En los países europeos, la sensibilidad y el coste va por barrios. Gran Bretaña, Francia, Alemania tienen sistemas desde luego costosos con soporte y cobertura pública o privada y con una calidad que no desmerece la norteamericana.

En nuestro país, nuestro estado de las autonomías ha descentralizado la asistencia y ha aproximado la atención al ciudadano. No ha escatimado recursos para destacar la diferencia, pero también ha consumido muchos de ellos en demostrar las bondades de su modelo concreto respecto del de otros vecinos.
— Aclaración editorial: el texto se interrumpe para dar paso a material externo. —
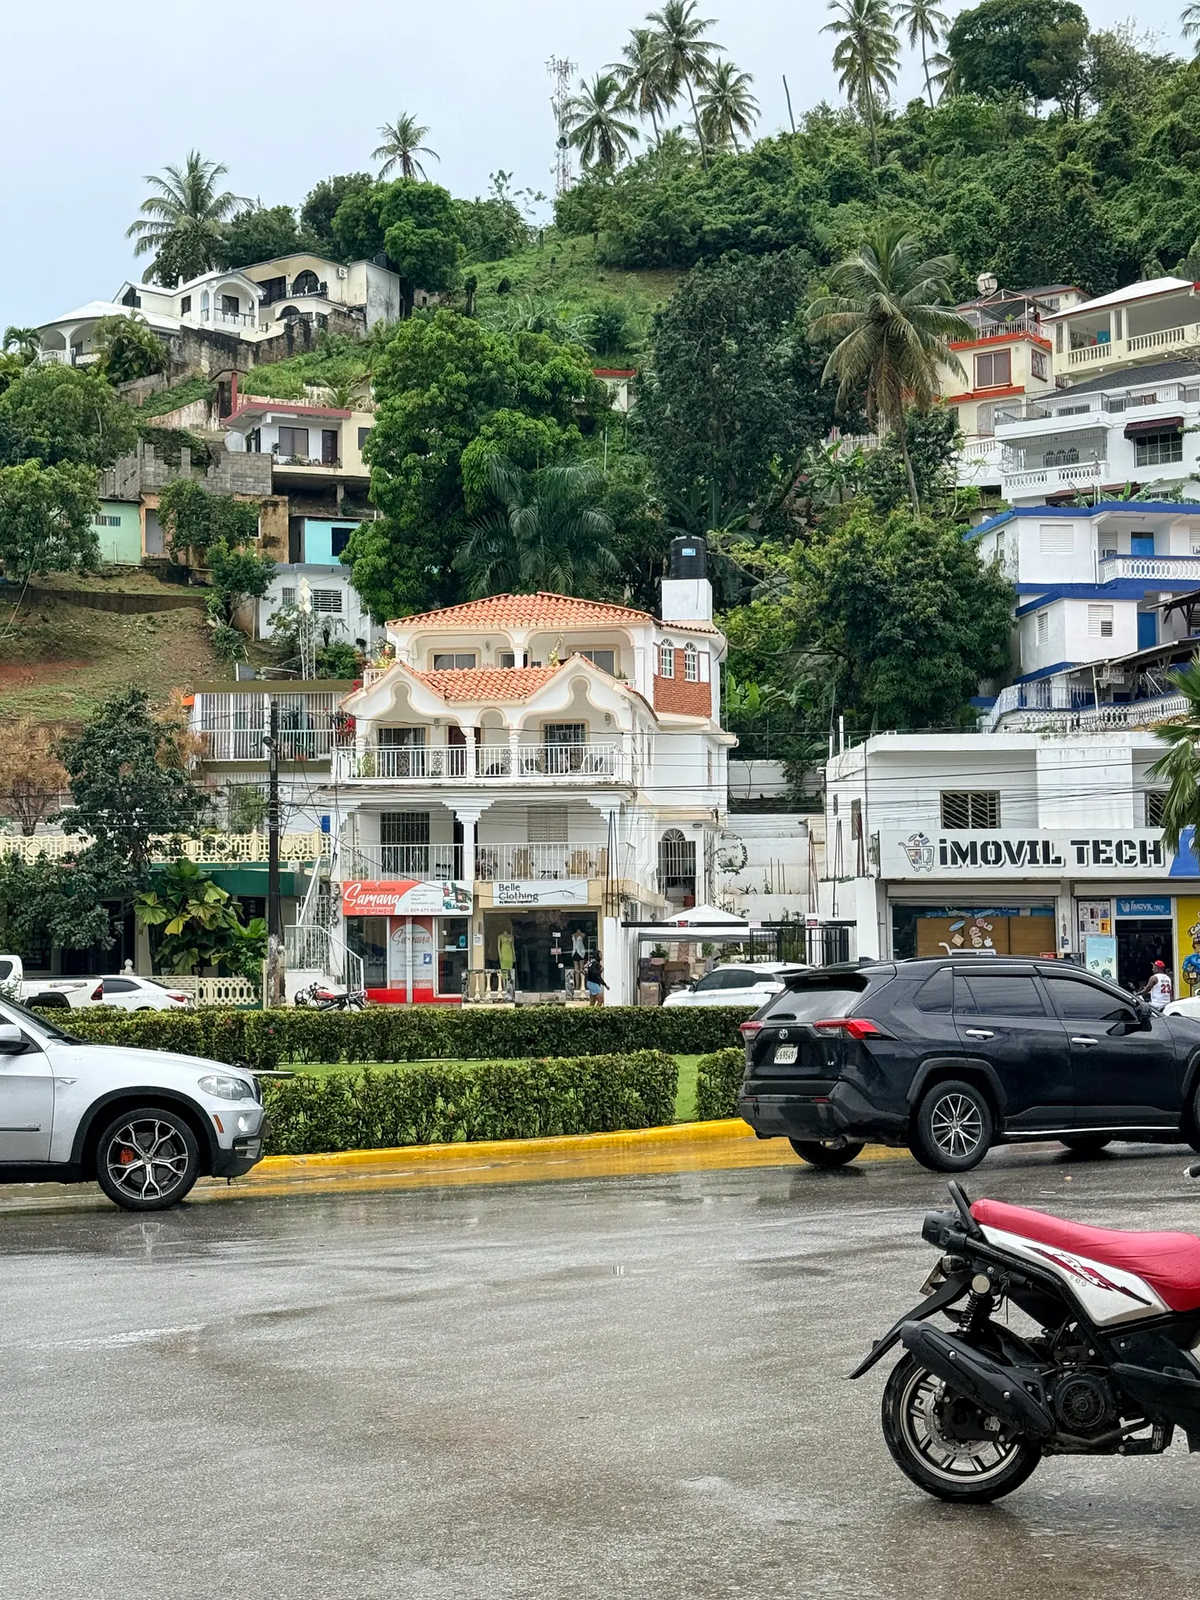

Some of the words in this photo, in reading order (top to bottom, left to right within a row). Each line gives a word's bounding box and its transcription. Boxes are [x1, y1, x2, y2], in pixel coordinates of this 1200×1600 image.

Se ha intentado ser tan diferente que, a veces, se da la paradoja de que ciudadanos de la misma nacionalidad tienen más dificultades para recibir asistencia que aquellos que vienen de otros países. Incluso en el tratamiento del dolor, se han dado diferencias de este tipo, haciendo mucho más accesible para unos ciudadanos la atención que para otros por la diferente sensibilidad de sus autoridades a pacientes, tratamientos o circunstancias.

El paradigma de esta desigualdad es el documento que acredita el derecho, la tarjeta sanitaria, o mejor dicho, las tarjetas sanitarias, que permiten asistencia, que aseguran atención, pero ligada a la comunidad de empadronamiento y que, en caso de desplazamiento temporal, puede hacer muy difícil la continuidad en las prescripciones. Es el caso de los periodos de vacaciones, o de personas que, viviendo en una comunidad, acuden a visitar a familiares por un periodo más o menos largo.

 

 

 

 

 

Existiendo muchos aspectos comunes, ¿no sería posible un documento único, un carné único, con registro e historia accesible que permitiera facilitar la vida a pacientes, familiares y profesionales de la salud, cuando los abuelos visitan a los nietos y necesitan comprar un medicamento porque lo han olvidado o han tenido un agravamiento?

¿Una receta electrónica compatible para la continuidad en el seguimiento en pacientes ancianos o crónicos que acuden a climas benignos de la costa mediterránea que evite conflictos a médicos que no conocen al paciente, farmacéuticos que no pueden dispensar sin receta el medicamento y a los pobres pacientes que deben desplazarse a sus comunidades de origen para conseguir esa prescripción?

¿Para cuándo una tarjeta sanitaria única o equivalente?

Si los sistemas de salud son 17, que lo sean, pero contemplando que la población, sus necesidades y problemas son las mismas y necesitan una respuesta semejante.

Aún hay muchas ineficiencias por justificar: ascensores en los que no caben las camillas; duplicidades en determinadas asistencias; servicios y ausencia de las mismas en otros territorios; esperas aceptables en algunas comunidades e incalificables en otras…

 

 

1 Comment

  1. Oportuno punto de vista, 17 sistemas sanitarios originan una discriminación sanitaria sin quererlo, como de hecho la hay a nivel fiscal. Nunca se debería haber descentralizado la sanidad y existir centros de referencia nacional. Pero es una opinión muy personal.